La gemella | di Assunta Giordano

Appoggiò piano il battente della porta, augurandosi che il cigolìo dei cardini non destasse i vicini. Lui giaceva a terra, gli occhi aperti, lo sguardo stupito di chi, sentendosi invincibile, non si aspetta che il caso decida a suo detrimento. Era rientrato presto mentre lei preparava i bagagli. L’aveva guardata con un sorriso infastidito, come un pescatore guarda il granchietto che cerca di allontanarsi dalla rete da pesca, poi era esploso in una risata sguaiata. Lei restava in silenzio a capo chino, non per timore, ma per non consentirgli di leggere la risolutezza nel suo sguardo. Spesso le parole l’avevano schiaffeggiata più delle sue grandi mani e, mentre all’inizio ogni insulto la inebetiva e prostrava, piano piano qualcosa dentro di lei aveva preso forma, assumendo le sembianze di una gemella immaginaria, che le dava forza quando serviva. La risata di lui si tramutò in un ghigno e dalla sua bocca uscirono le frasi usuali, con qualche variante dovuta alla particolare occasione: “Imbecille, pensi che ti voglia fermare? Immagino ci sia un uomo che ti aspetta. Pensi davvero di averne trovato uno migliore di me? Io ti ho reso donna, eri una poveretta, complessata, cafona peggio di una contadina di paese.

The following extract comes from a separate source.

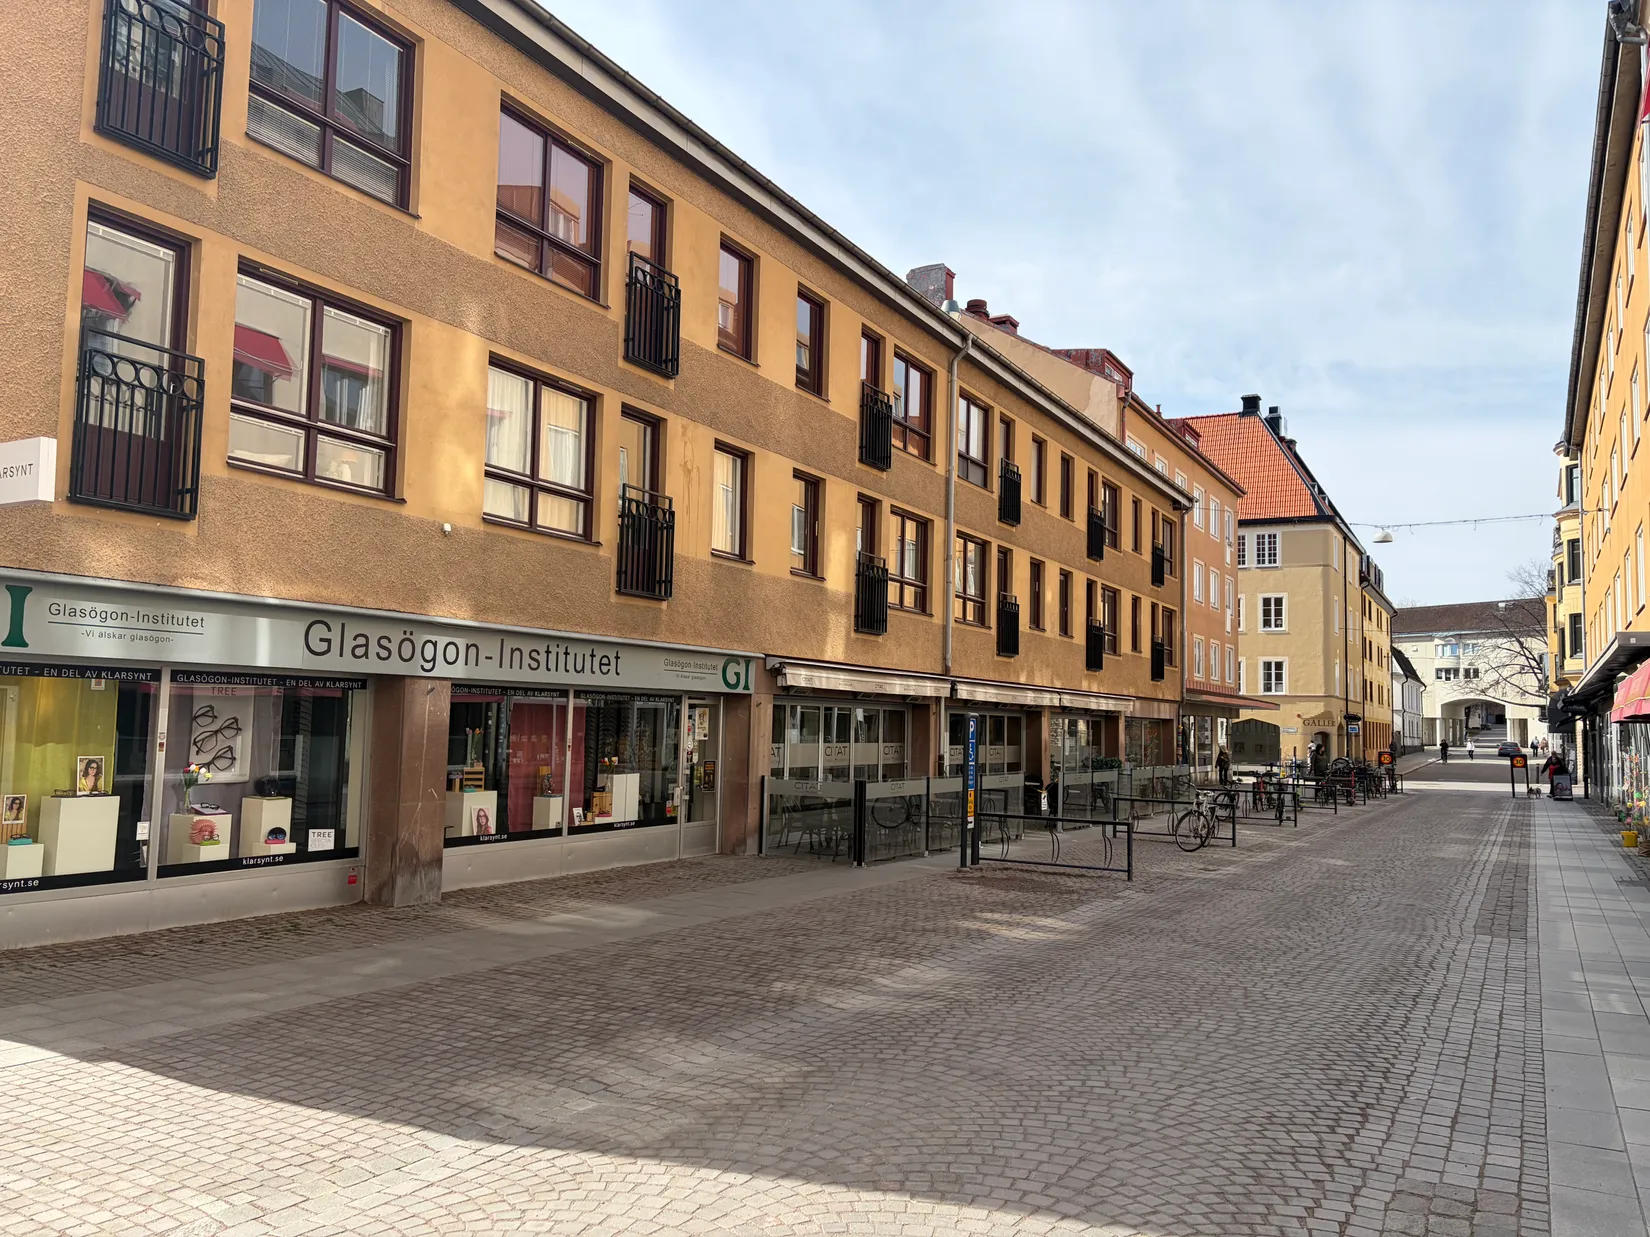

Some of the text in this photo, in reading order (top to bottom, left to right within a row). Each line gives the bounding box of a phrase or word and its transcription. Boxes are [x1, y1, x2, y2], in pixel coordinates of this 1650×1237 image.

Con me hai imparato classe, cultura, sei pure diventata carina, quando ti ho conosciuto eri inguardabile. Solo il tuo immenso amore per me mi ha attratto. Che grande spreco di energie. Ma lo sa che sei frigida? Si divertirà da morire!” Inutile rispondergli che non era mai esistito nessun amante, che era lui a contornarsi di donne di ogni genere per appagare il suo ego insicuro e famelico. Né aveva senso dirgli che non era frigida, ma desiderava tenerezza tra le lenzuola per essere partecipe. Aveva imparato, a spese degli ematomi ancora presenti sul suo corpo, che era meglio tacere. Le volte in cui si era ribellata, si era sentita rispondere che era colpa sua, che lo provocava, con parole, sguardi o silenzi.

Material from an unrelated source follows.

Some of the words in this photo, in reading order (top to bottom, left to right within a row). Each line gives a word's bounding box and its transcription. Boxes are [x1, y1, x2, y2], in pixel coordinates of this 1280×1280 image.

Andò in bagno a prendere le sue cose e, quando rientrò in camera, lui non c’era più; forse aveva capito che era meglio per entrambi. China sul borsone non si accorse che lui le era alle spalle, fino a quando non sentì la sua voce sussurrarle all’orecchio: “Povera pazza, davvero credi di poterti liberare di me?!” La fredda lama del coltello lambì la sua gola. La gemella le suggerì di rimanere immobile. Così fece, per secondi o minuti interminabili, cercò di controllare il respiro per paura di tagliarsi. All’improvviso il braccio che la stringeva allentò la presa e sentì un forte tonfo. Si voltò e lo vide a terra, esanime, con il manico del coltello stretto nella mano destra. Compose il numero dell’emergenza medica, dando le indicazioni del caso e si avviò verso l’uscita. La sua gemella le ricordò di non chiudere la porta di ingresso per permettere ai soccorritori di entrare, per quanto fosse oramai inutile. In giardino l’albero di mimosa, sebbene non spirasse un alito di vento, lascò cadere le sue gialle infiorescenze come coriandoli festosi.